**Task to carry out**
The listing below should be printed exactly, every line of it. Skip the pictures.

- Opening Delimiter -

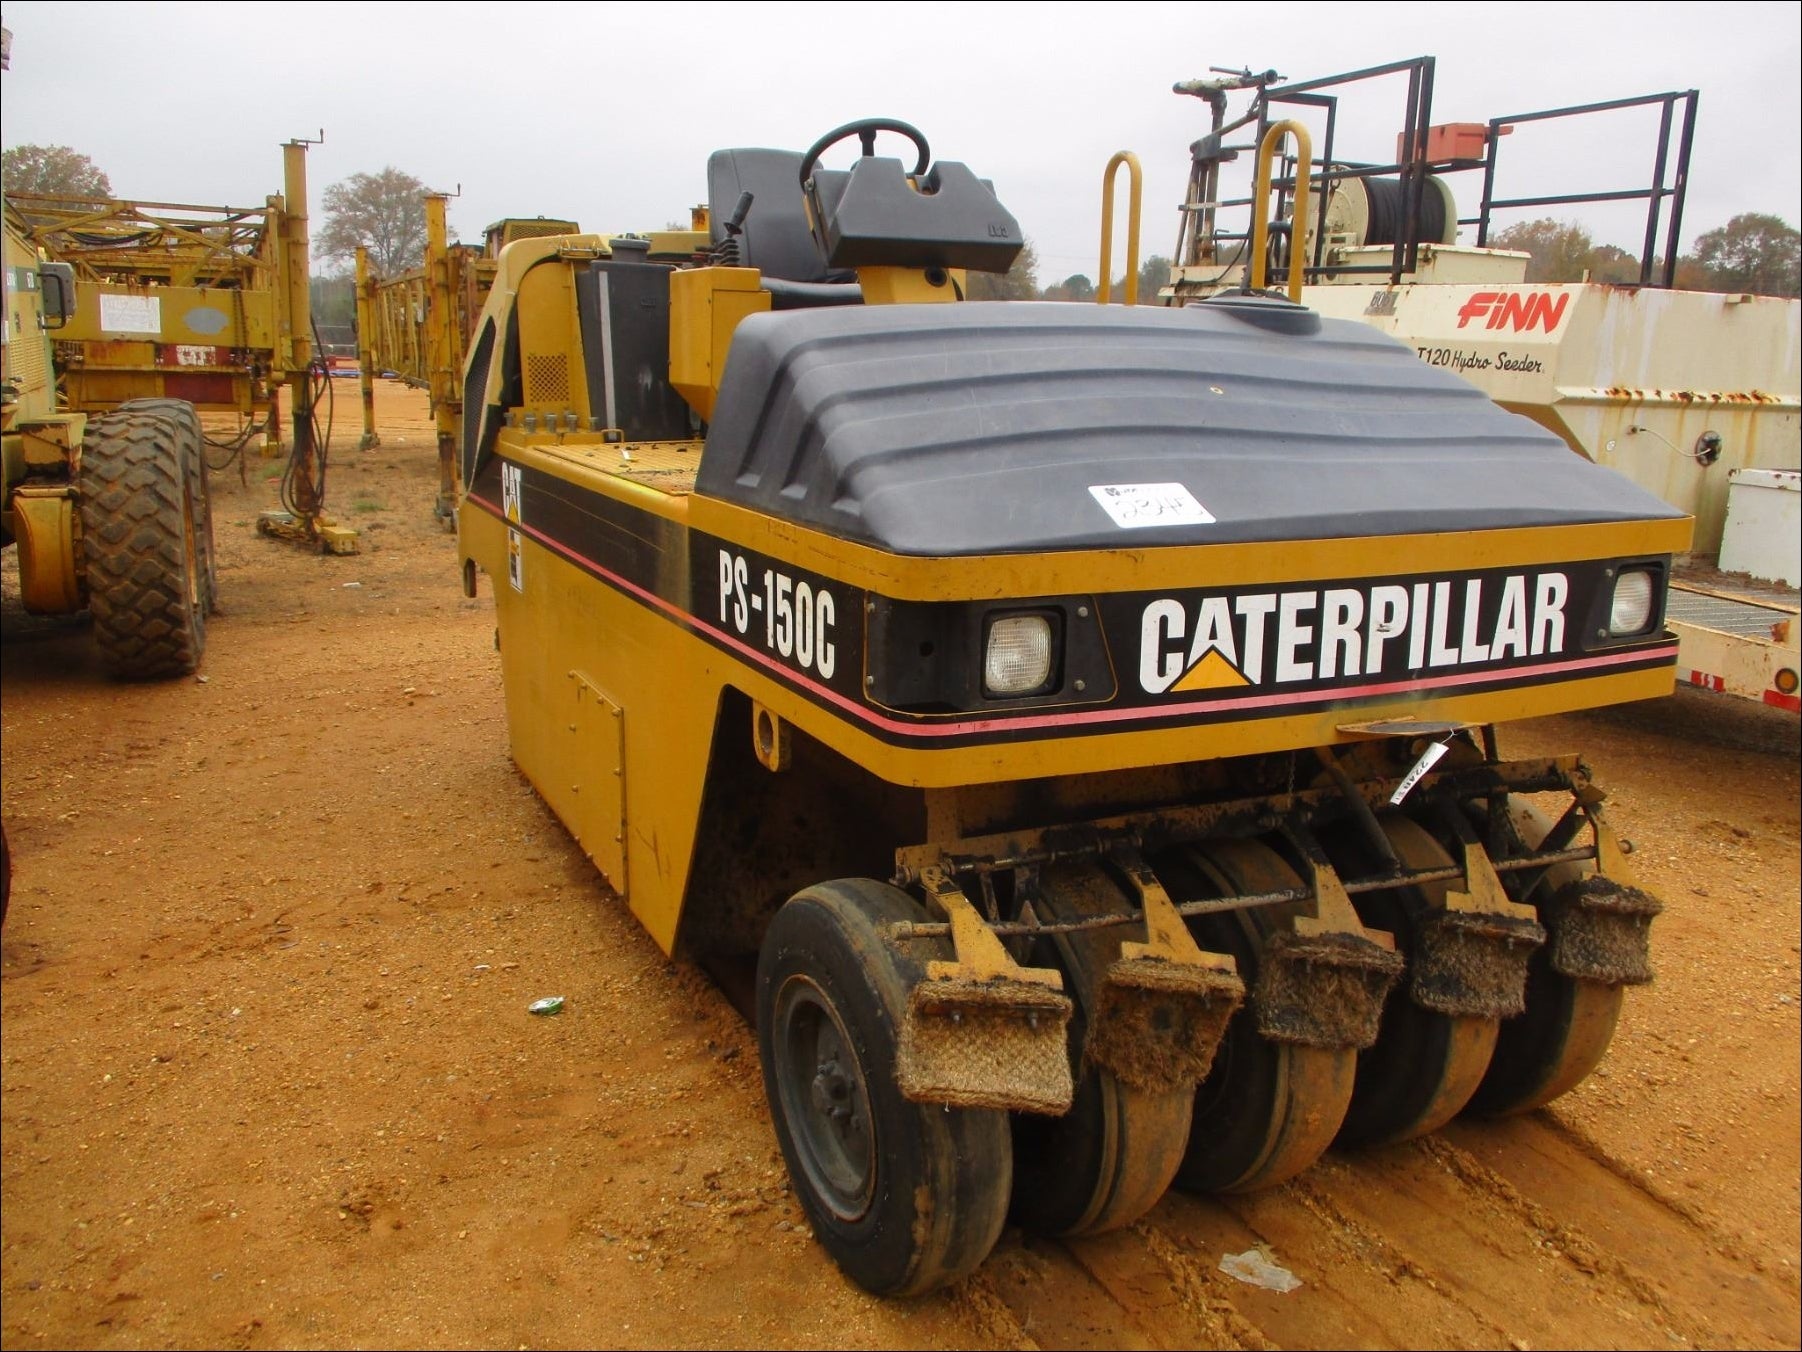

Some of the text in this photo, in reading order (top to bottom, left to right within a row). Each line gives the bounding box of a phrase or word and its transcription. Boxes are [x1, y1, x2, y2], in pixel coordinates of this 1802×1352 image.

[1451, 350, 1492, 373] Hydro
[501, 461, 522, 526] CAT
[719, 549, 835, 680] PS-150C
[1139, 572, 1568, 694] CATERPILLAR
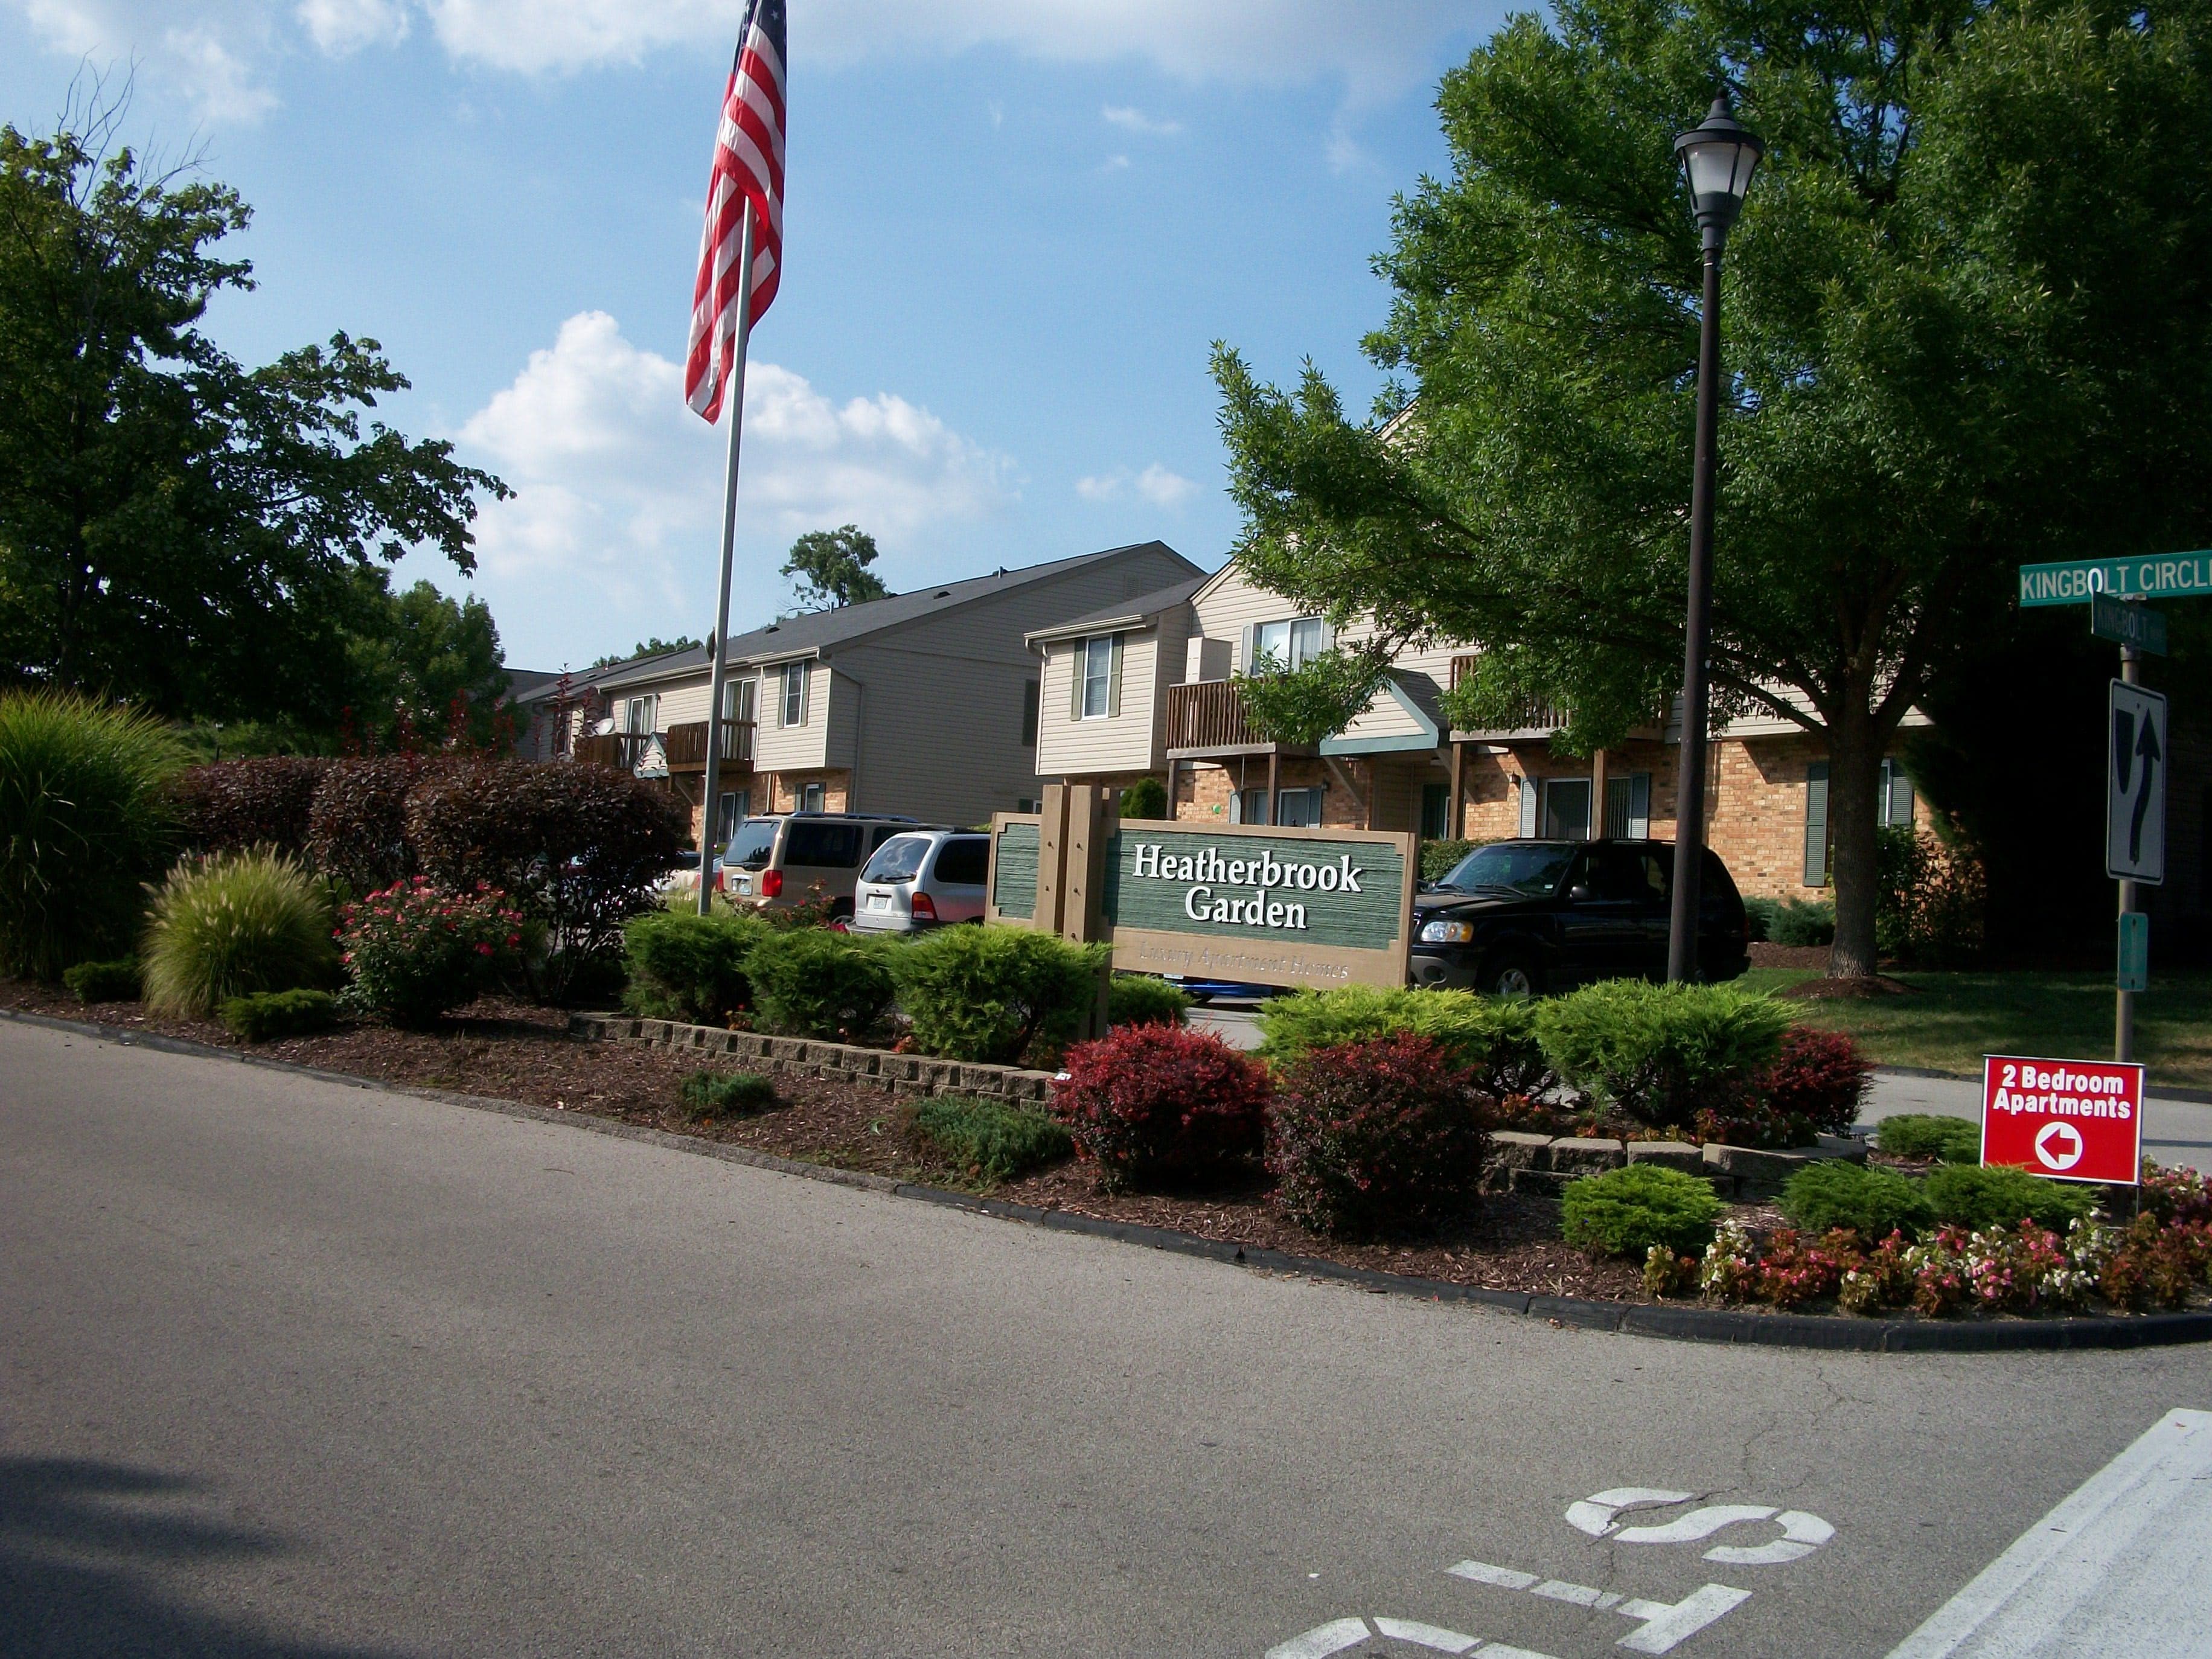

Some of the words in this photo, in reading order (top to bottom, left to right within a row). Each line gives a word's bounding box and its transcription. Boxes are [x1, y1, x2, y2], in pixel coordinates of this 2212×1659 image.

[2021, 566, 2129, 599] KINGBOLT
[2098, 602, 2148, 644] KINGBOLT
[1133, 843, 1363, 893] Heatherbrook
[1184, 886, 1307, 929] Garden
[1140, 941, 1194, 969] Luxury
[1198, 947, 1286, 973] Apartment
[1290, 955, 1349, 979] Homes
[2001, 1064, 2016, 1087] 2
[2022, 1066, 2123, 1094] Bedroom
[1993, 1088, 2131, 1119] Apartments

- Closing Delimiter -

**Answer for this exercise**
Some of the text in this photo, in reading order (top to bottom, left to right within a row). Each line gives the bounding box of a phrase or word and its transcription. Boxes are [x1, y1, x2, y2], in pixel coordinates of this 1802×1352 image.

[1451, 350, 1492, 373] Hydro
[501, 461, 522, 526] CAT
[719, 549, 835, 680] PS-150C
[1139, 572, 1568, 694] CATERPILLAR

Some of the words in this photo, in reading order (top to bottom, left to right within a row). Each line gives a word's bounding box and its transcription. Boxes are [x1, y1, x2, y2], in pixel coordinates of this 2212×1659 image.

[2021, 566, 2129, 599] KINGBOLT
[2098, 602, 2148, 644] KINGBOLT
[1133, 843, 1363, 893] Heatherbrook
[1184, 886, 1307, 929] Garden
[1140, 941, 1194, 969] Luxury
[1198, 947, 1286, 973] Apartment
[1290, 955, 1349, 979] Homes
[2001, 1064, 2016, 1087] 2
[2022, 1066, 2123, 1094] Bedroom
[1993, 1088, 2131, 1119] Apartments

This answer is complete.